Infatti una ricerca della Illinois University ha dimostrato come si possano creare telefonini biodegradabili, capaci quindi di dissolversi senza inquinare.
Questi nuovi dispositivi saranno realizzati con materiali particolari e avranno una durata prestabilita dopo la quale verranno riassorbiti nell’ambiente, come spiega il ricercatore italiano Fiorenzo Omenetto che fa parte da diversi anni di questi staff di ricerca. In particolare si occupa e dello studio sulle potenzialità delle proteine della seta, un materiale utile per integrare al suo interno componenti come magnesio e silicio, che si caratterizzano per le loro proprietà di sciogliersi in acqua o nei liquidi del corpo umano.

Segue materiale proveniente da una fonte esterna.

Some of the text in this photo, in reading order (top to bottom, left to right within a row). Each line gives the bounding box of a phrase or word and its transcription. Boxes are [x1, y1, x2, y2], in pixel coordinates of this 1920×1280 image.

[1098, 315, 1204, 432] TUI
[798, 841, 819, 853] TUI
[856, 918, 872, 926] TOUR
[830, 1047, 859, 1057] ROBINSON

Intervistato sulla ricerca, Omenetto ha afferma che l’obiettivo della ricerca è la messa a punto dell’elettronica transitoria che può offrire prestazioni simili a quelle dell’elettronica convenzionale, robuste e a lungo termine, ma in più queste componenti di nuova generazione sono in grado di essere riassorbiti dopo un tempo prestabilito. Per tutti i dettagli potete leggere qui
Invece già il 1° ottobre è partito il progetto Bioclean, che rappresenta una soluzione alternativa al problema dello smaltimento dei rifiuti e più specificamente della plastica individuando nuovi e robusti microrganismi capaci di ‘mangiare’ diversi tipi di polimeri sintetici partendo da plastiche di scarto provenienti dalle discariche e dai siti marini e terrestri.

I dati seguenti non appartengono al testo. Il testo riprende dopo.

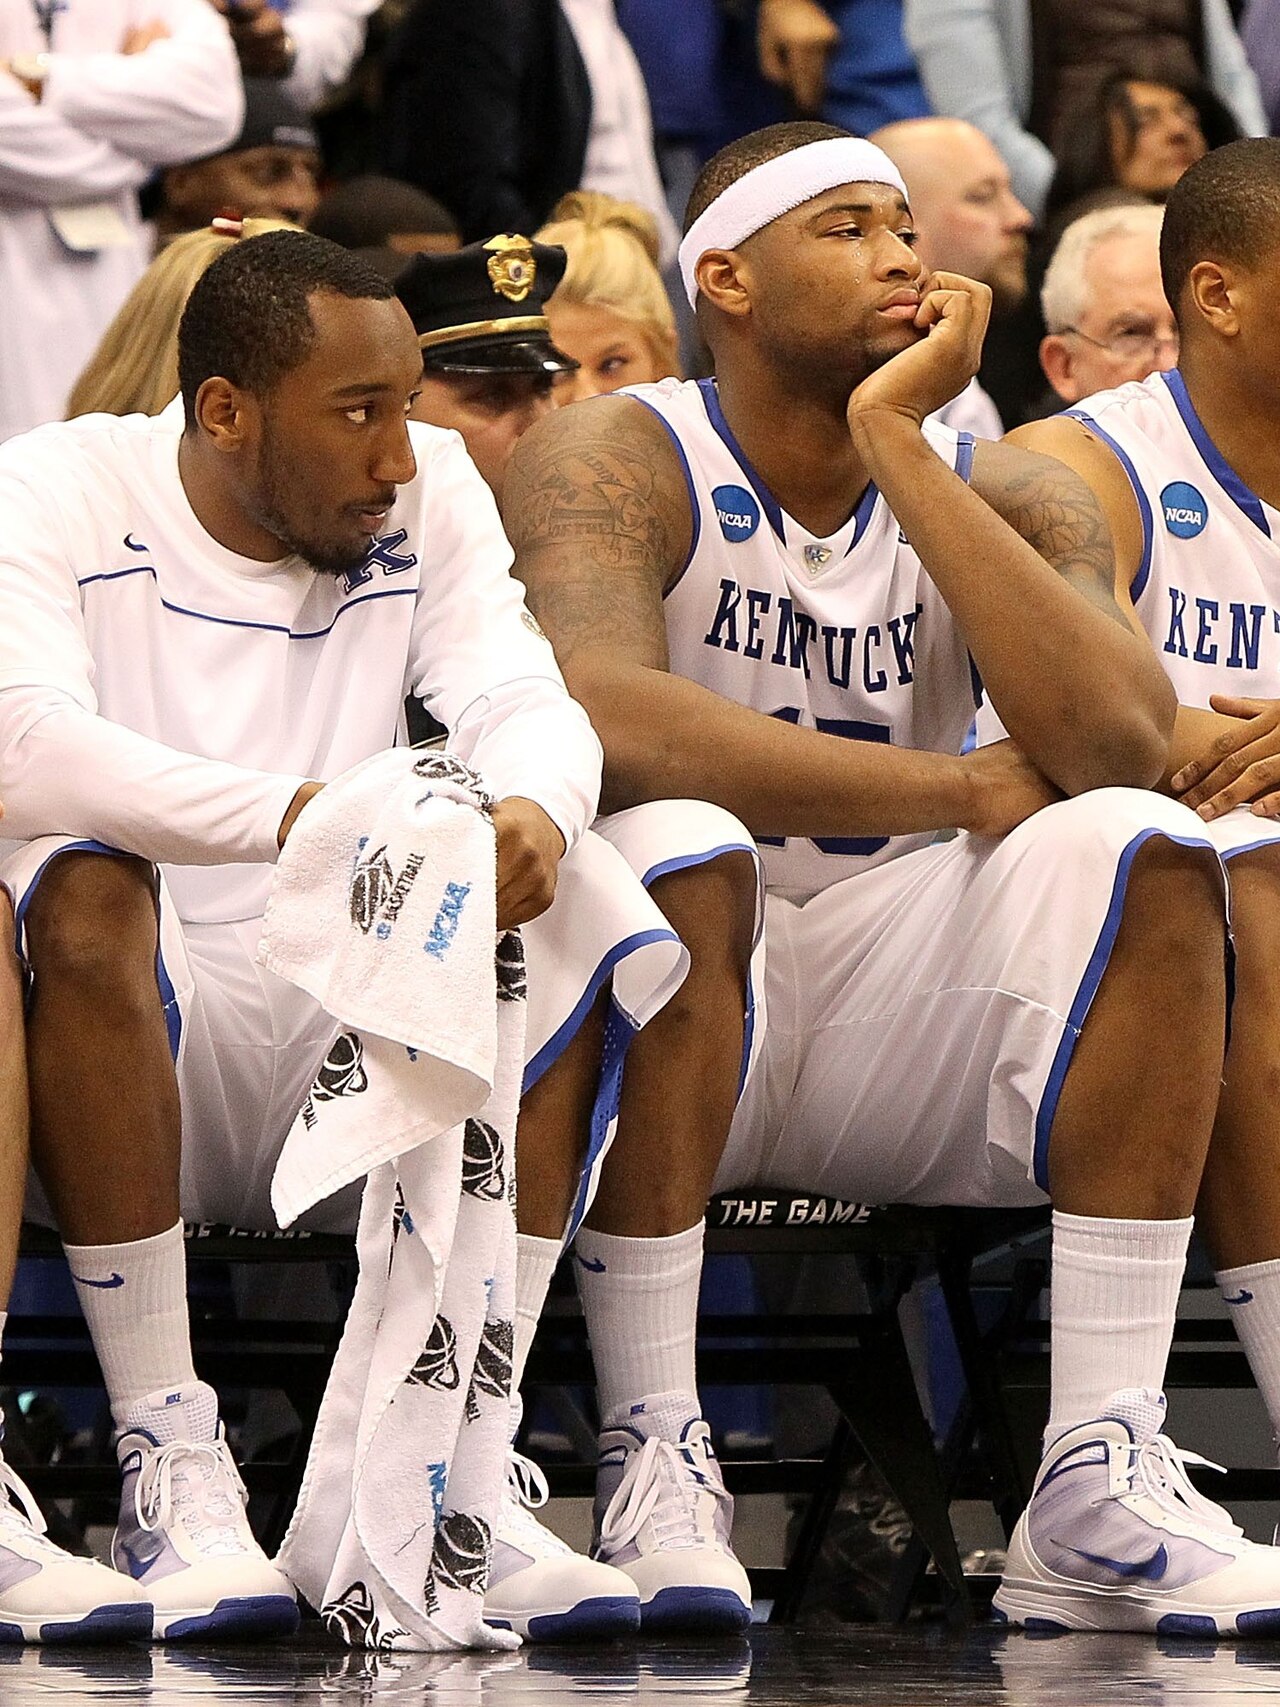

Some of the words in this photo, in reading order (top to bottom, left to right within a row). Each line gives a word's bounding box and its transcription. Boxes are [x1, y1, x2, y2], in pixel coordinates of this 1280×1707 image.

Una ricerca finanziata dall’Unione Europea con 3 milioni di euro e coordinata dal professore di Biotecnologia Industriale e ambientale dell’Università di Bologna, Fabio Fava. Il team di ricercatori coinvolti nel progetto, attraverso l’utilizzo di metodi analitici e biologico-molecolari avanzati riuscirà a classificare tutti quei funghi e batteri noti per le loro capacità di biodegradazione della plastica e successivamente saranno individuati quei microrganismi più adatti al raggiungimento dello scopo prefissato, attuando nel contempo delle apposite verifiche sull’eventuale impatto ambientale provocato.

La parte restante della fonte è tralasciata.